Yesterday’s news of Christopher Kane entering administration and considering selling his namesake label make you realize that in this industry, truly inventive creatives have to struggle, while others get unlimited budgets and press just… because. It’s no news that running an independent creative fashion label in London is practically impossible, but the vision of Kane exiting fashion is just heartbreaking. His knack for wickedly original, sometimes even disturbing pairings of strange materials and references has earned him a reputation of a playful conjurer who with grace combines non-obvious sexiness with contemporary chic. Hopefully, the designer will find a financial solution similar to Roland Mouret, another significant London-based designer, and will continue designing under his own name with new, supportive partners behind his back.

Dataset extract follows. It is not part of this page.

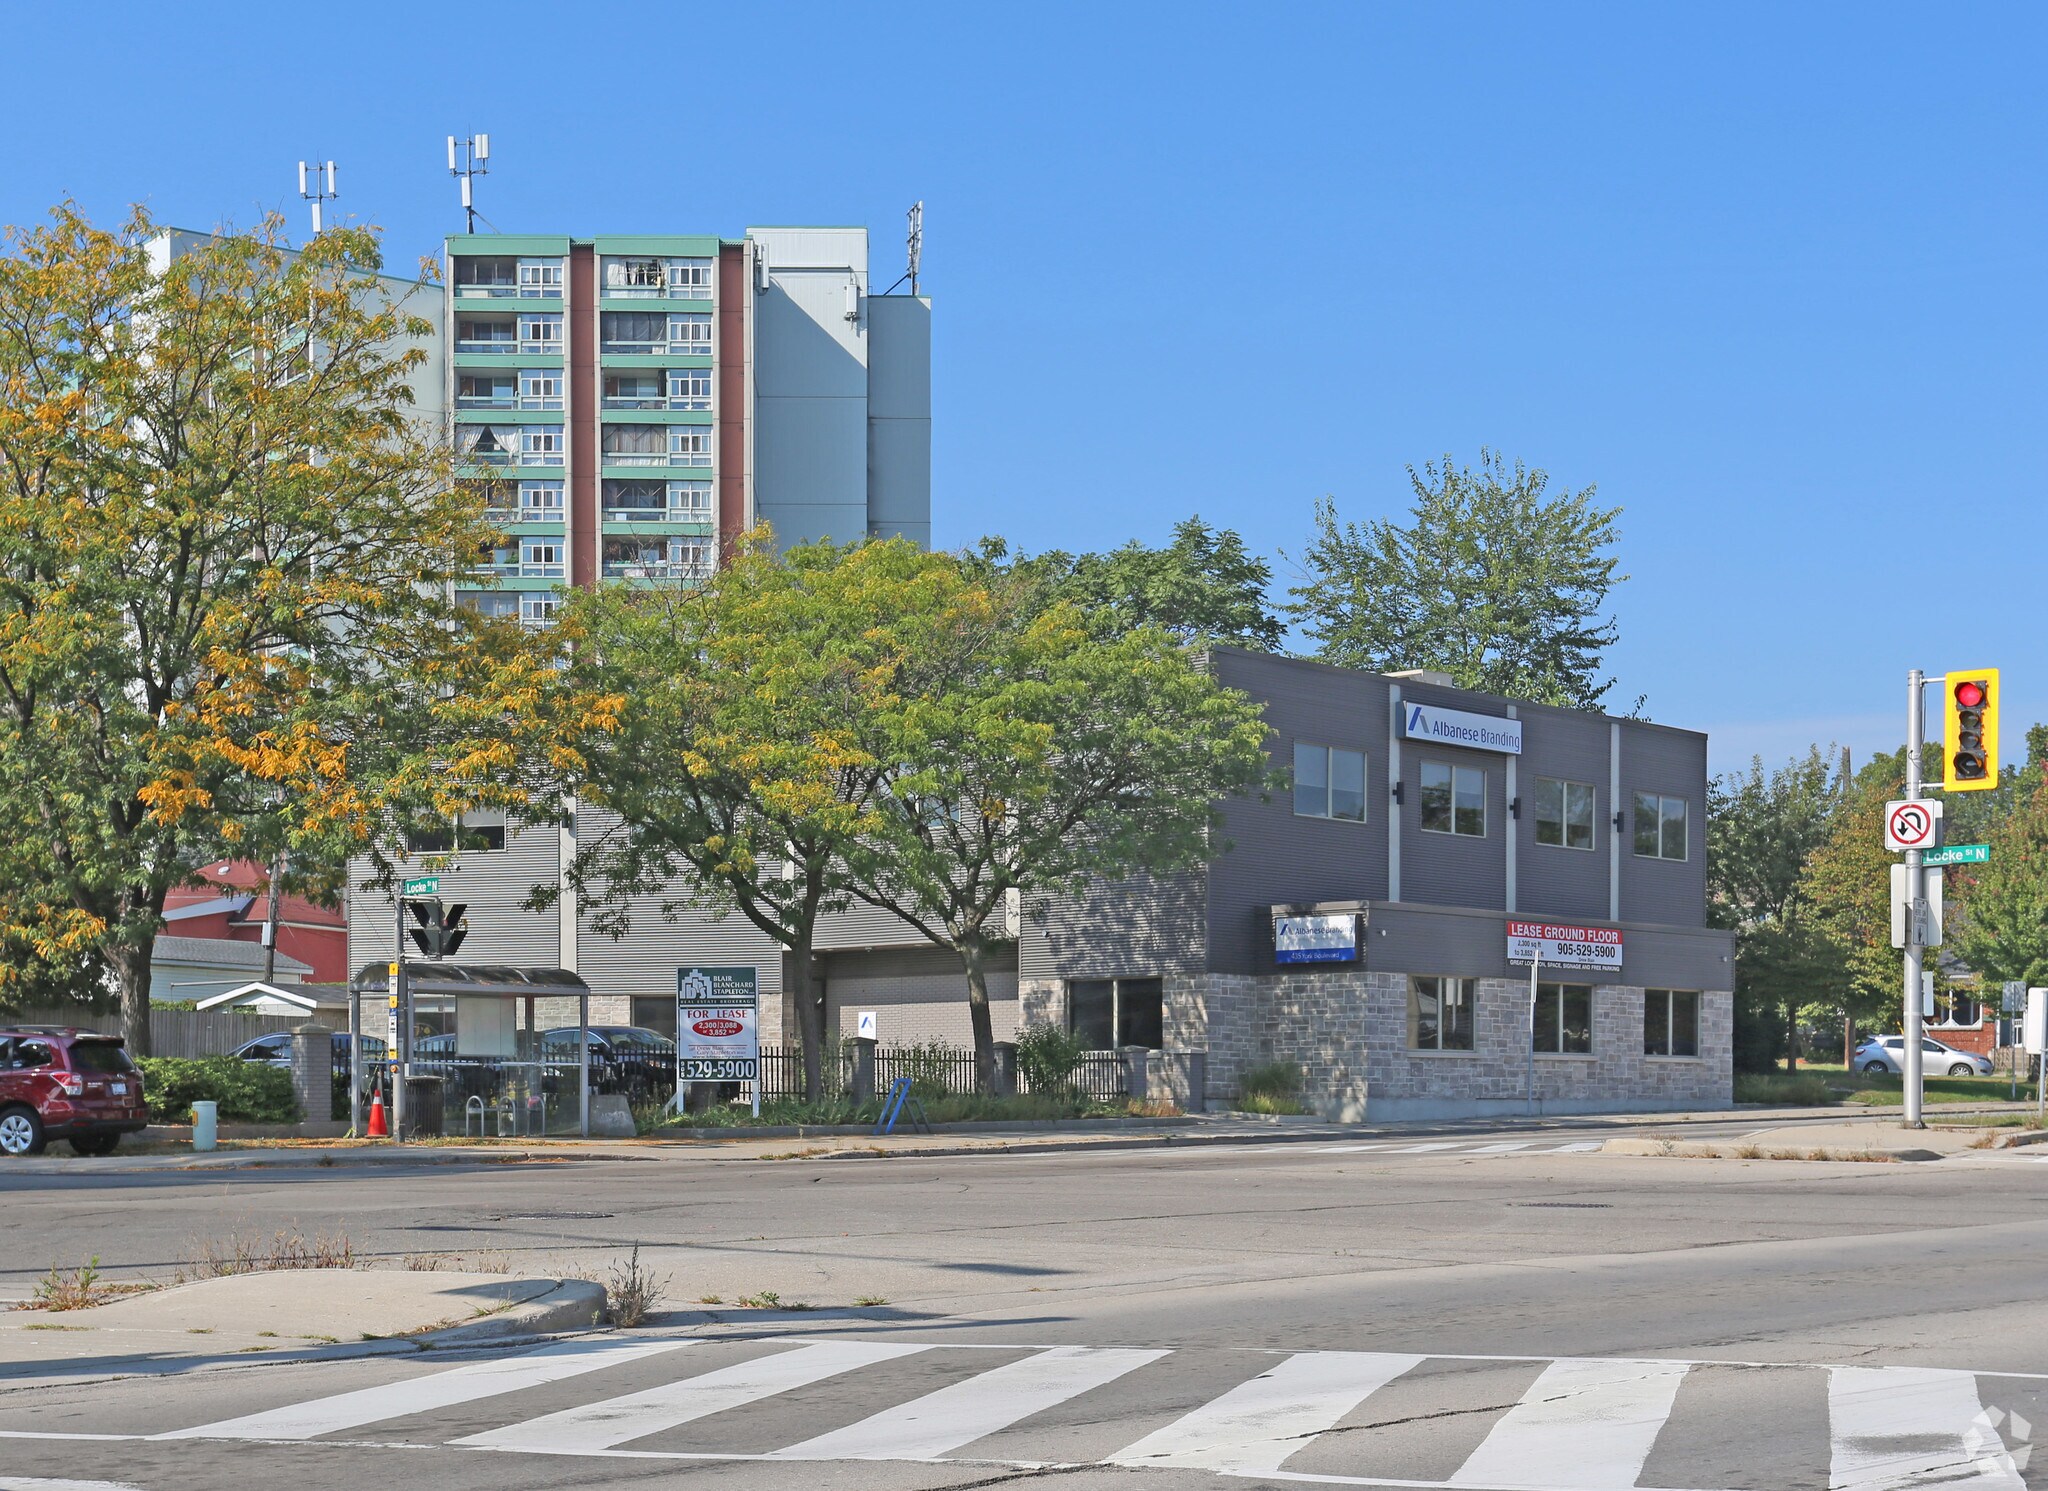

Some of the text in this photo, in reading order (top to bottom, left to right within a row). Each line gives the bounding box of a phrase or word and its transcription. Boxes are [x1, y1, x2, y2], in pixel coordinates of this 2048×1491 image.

If resort 2024 is actually the last Christopher Kane collection we will ever see, then it’s exemplary of the designer’s unique fashion vocabulary. This line-up is packed with chic-funny-simple evening ideas that look like a joy to wear. Should you detect a ’50s/’80s post-punk New Wave-ish vibe coming off it, you’re not wrong. As ever, behind every brilliant Christopher Kane party-trick, there lies something darker. This time, Christopher and his sister, Tammy, had been watching All the Beauty and the Bloodshed, the documentary about Nan Goldin that weaves her groundbreaking ’70s and ’80s photography into footage of her campaign of protest against the Sackler family’s sponsorship of major museums and galleries (The Sacklers own Purdue Pharma, a pharmaceutical company whose main drug is the opioid Oxycontin). It struck them that the connection between the forces of super-wealth at one end of society, and the most deprived at the other were stingingly present – in the clothes. It was the sight of the cocktail dresses, lingerie, and scrappy gowns worn by Goldin’s penniless junkie LGBTQ friends that resonated. “The reason they looked so amazing in their poverty is that they were wearing second-hand and discarded clothes thrown out by the wealthy – couture, designer clothes from the ’40s and ’50s”. For them, that fit with their childhood and teenage memories of seeing the deprivation of communities in the post-industrial Glaswegian conurbation they grew up amongst. It took them back to remembering the glamour of the neatly-dressed barmaids serving in Working Men’s Clubs in the mid-to-late ’80s—another source for the sexy synthetic fitted dresses they conspired on in this collection. The subversive references they use aren’t at all visible, of course. What Kane always does is to turn the brew of associations into relevant fashion. Really, not many contemporary designers have that skill.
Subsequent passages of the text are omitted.